Abstract The rise in antibiotic resistance among Gram-negative bacteria poses significant challenges to global health. This study evaluates the in vitro efficacy of tigecycline, omadacycline, and eravacycline against clinical isolates harboring the mobile tigecycline resistance genes tet(X4) and tet(A). A total of 175 clinical strains collected between 1999 and 2023 were analyzed. Resistance genes, including tet(X4) and tet(A), were determined using Polymerase chain reaction (PCR). Minimum inhibitory concentrations (MICs) were determined using the broth microdilution method. Eravacycline exhibited significantly lower MIC values than those of tigecycline for Escherichia coli carrying tet(X4) (P < 0.0001), despite similar resistance rates. Omadacycline consistently displayed the highest MIC values, indicating reduced potency. In contrast, Klebsiella pneumoniae carrying tet(A) showed higher MIC values for eravacycline than tigecycline.
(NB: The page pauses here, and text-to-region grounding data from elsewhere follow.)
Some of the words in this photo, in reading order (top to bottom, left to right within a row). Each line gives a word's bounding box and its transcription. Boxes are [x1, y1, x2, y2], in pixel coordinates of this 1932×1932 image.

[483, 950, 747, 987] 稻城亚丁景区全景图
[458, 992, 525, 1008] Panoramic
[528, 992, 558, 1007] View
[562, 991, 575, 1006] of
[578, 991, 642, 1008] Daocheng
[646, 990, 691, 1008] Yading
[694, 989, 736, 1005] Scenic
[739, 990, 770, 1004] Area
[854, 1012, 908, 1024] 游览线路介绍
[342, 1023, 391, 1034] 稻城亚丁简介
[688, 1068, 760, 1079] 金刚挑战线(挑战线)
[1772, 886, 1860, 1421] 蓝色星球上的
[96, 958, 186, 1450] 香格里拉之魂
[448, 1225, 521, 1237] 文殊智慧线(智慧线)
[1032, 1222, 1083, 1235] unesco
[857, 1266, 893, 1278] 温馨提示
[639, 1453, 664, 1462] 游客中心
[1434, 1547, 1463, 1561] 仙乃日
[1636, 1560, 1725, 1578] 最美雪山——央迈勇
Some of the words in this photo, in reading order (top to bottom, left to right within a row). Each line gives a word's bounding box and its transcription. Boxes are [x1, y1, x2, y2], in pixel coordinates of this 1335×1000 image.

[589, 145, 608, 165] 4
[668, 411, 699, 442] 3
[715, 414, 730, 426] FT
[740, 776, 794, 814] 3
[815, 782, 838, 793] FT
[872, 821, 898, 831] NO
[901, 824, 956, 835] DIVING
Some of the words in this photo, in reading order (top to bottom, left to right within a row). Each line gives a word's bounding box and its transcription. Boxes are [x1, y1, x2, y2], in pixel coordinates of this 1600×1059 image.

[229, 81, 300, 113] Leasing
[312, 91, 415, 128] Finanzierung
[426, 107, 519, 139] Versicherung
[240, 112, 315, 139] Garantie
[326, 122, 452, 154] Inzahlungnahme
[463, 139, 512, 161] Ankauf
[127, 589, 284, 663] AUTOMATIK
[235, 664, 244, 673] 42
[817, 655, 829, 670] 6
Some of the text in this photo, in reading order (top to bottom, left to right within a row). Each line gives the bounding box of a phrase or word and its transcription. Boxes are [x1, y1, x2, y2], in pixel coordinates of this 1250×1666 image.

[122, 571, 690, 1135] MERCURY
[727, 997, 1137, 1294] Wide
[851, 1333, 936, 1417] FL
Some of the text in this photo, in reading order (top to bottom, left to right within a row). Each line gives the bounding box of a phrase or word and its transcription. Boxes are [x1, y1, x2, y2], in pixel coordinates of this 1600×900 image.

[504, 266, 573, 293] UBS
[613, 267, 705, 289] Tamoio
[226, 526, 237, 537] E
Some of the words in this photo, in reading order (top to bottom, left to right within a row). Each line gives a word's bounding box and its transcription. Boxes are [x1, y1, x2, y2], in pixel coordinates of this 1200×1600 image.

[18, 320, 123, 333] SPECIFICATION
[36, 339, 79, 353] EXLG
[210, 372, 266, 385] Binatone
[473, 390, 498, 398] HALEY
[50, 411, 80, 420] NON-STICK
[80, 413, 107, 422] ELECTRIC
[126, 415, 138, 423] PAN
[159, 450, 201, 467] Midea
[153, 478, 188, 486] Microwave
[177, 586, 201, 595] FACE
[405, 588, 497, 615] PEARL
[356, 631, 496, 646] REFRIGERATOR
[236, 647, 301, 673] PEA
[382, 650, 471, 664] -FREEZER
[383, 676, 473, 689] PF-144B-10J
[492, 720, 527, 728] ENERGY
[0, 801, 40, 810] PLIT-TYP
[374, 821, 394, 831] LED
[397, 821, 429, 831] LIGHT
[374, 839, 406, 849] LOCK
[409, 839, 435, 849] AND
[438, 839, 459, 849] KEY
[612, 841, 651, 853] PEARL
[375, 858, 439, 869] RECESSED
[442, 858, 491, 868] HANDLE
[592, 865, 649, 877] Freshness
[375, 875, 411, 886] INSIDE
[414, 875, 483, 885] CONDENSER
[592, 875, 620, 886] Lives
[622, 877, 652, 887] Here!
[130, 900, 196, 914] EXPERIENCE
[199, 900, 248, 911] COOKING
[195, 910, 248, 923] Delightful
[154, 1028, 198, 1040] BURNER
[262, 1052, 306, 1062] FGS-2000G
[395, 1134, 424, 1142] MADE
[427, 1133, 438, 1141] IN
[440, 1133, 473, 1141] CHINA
Universal resistance was observed in Enterobacter cloacae carrying tet(A). Eravacycline demonstrated superior in vitro efficacy, particularly against E. coli carrying tet(X4), underscoring its potential as a therapeutic option for multidrug-resistant infections. MIC values should complement resistance rates in clinical decision-making, and further studies are warranted to validate eravacycline’s clinical utility.